While Stone's Alexander will be played by the Irish bad boy Colin Farrell, the young girls' heart-throb Leonardo DiCaprio will step into the pleated skirt for Luhrmann's shoot.
And whereas Stone's previous biopics of strong - if often flawed - leaders such as John F Kennedy, Richard Nixon and Fidel Castro indicate the likely tenor of his Alexander the Great, Luhrmann is clearly intent on giving the Macedonian king a touch of sexy flamboyance.

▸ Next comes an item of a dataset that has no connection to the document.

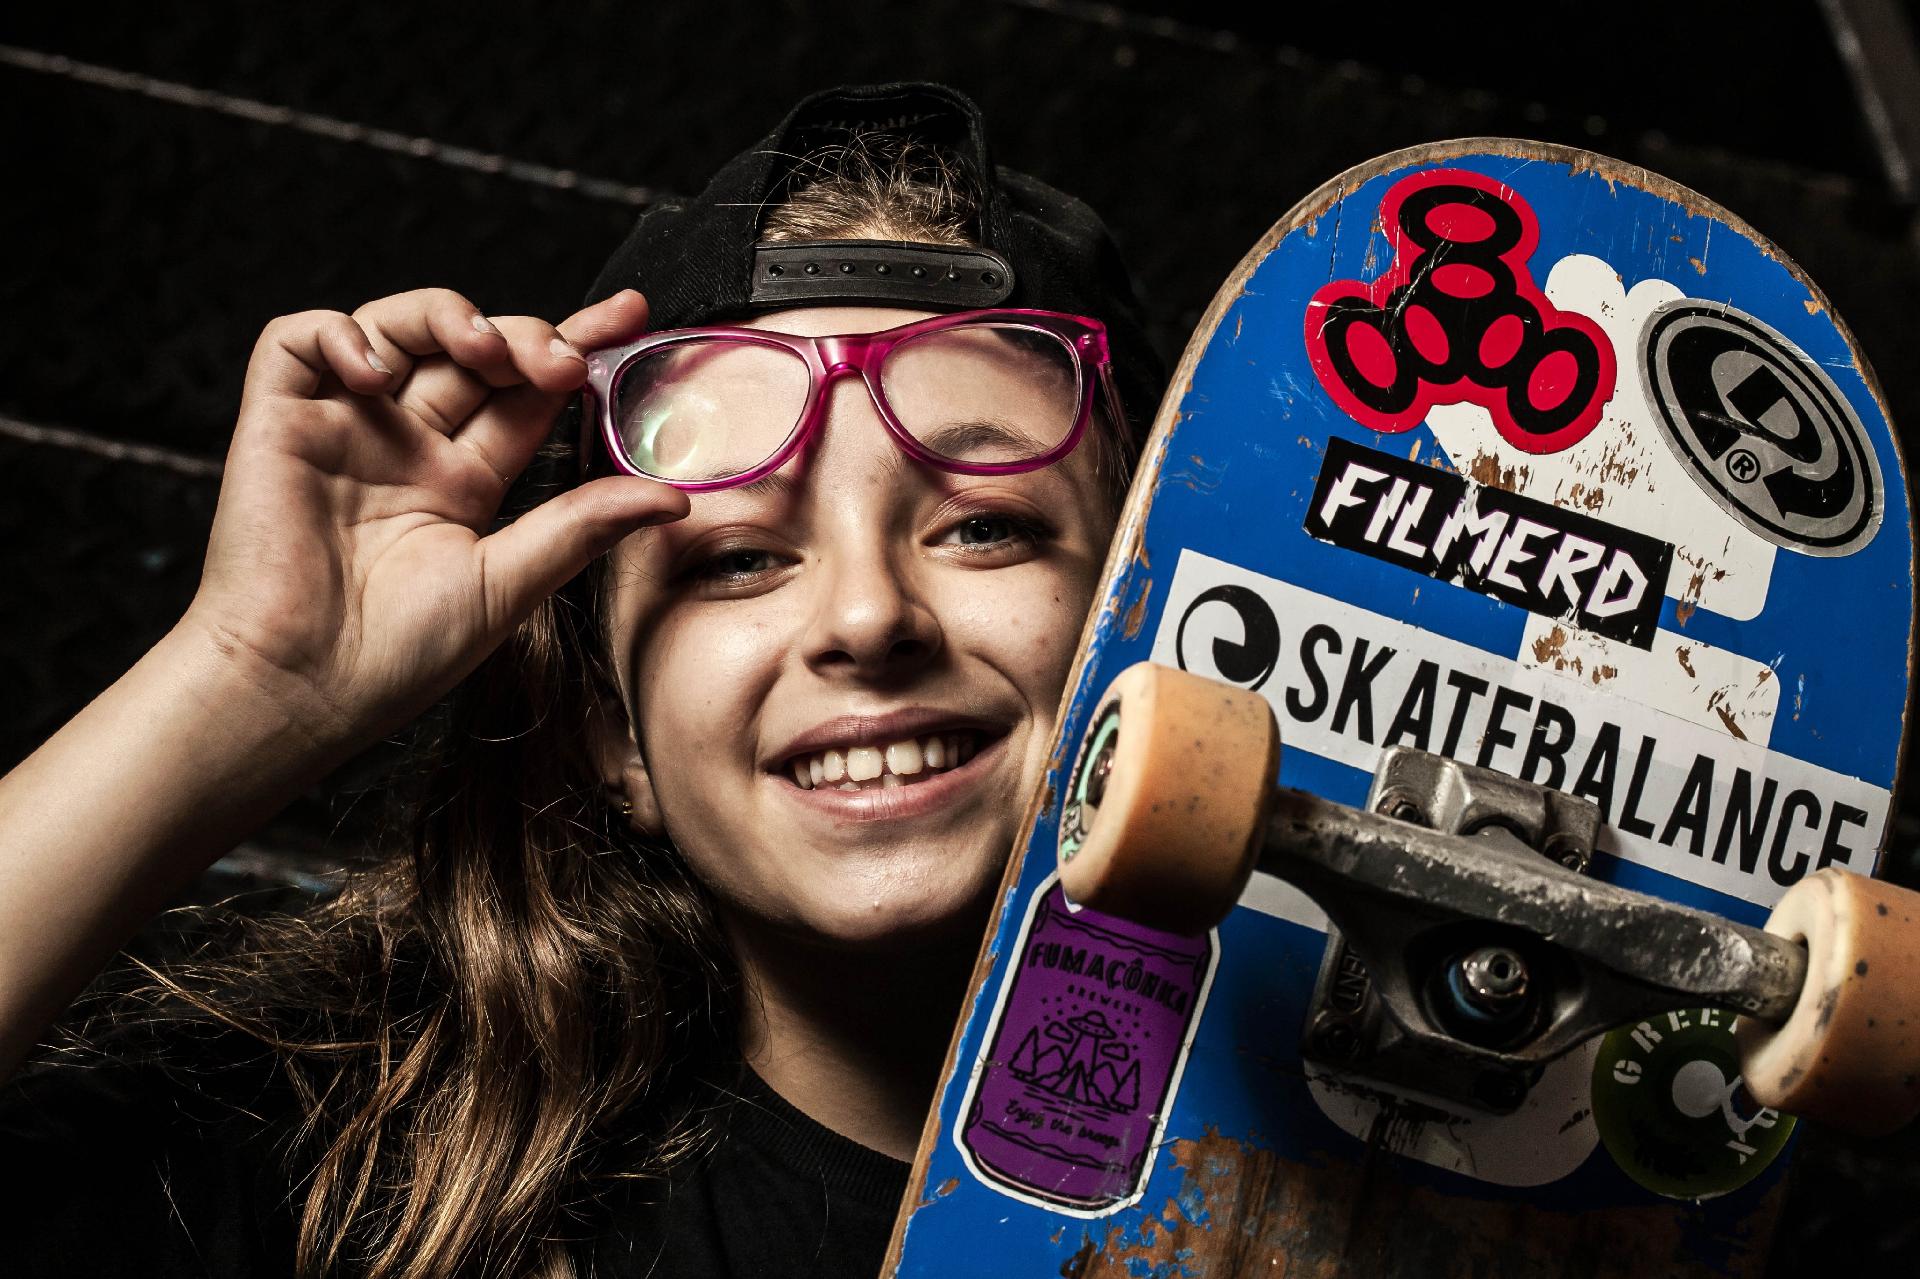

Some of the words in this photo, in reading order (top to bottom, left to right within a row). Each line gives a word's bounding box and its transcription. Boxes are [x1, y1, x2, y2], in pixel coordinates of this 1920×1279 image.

Luhrmann, who was providing some clues to the new work at the Venice Film Festival, was asked whether he would portray Alexander's well-chronicled bisexuality. He said: "I think [the thing] to say about Alexander is that he could not be loved enough, and the reason I'm not just saying 'yes' is because it's bigger than that. He had sex from everyone and everything ...he couldn't be loved enough."
The sudden surge of interest in Alexander the Great follows the phenomenal success of the Russell Crowe film Gladiator, which received five Oscars.
New digital technology has contributed to the rage for stories set in the past by making it affordable to have casts of digital thousands. Vin Diesel is to feature in a movie about Hannibal's siege of Rome while Brad Pitt is lined up to play the Greek hero Achilles in a version of the sacking of Troy.
As many as four rival Alexander movies were in development in the immediate aftermath of Gladiator, but Luhrmann stressed that there was room enough for both the two productions remaining.
His version will explore Alexander's childhood, with particular emphasis on his mother, Olympias, played by Nicole Kidman, and Aristotle as Alexander's boyhood tutor.
Stone's version, with Sir Anthony Hopkins and Angelina Jolie alongside Farrell, is the one that is likely to reach the cinemas first. Luhrmann is still in the middle of a worldwide search for a nine-year-old actor good enough to play the young Alexander and pass as a younger version of DiCaprio. He hopes to start shooting next April.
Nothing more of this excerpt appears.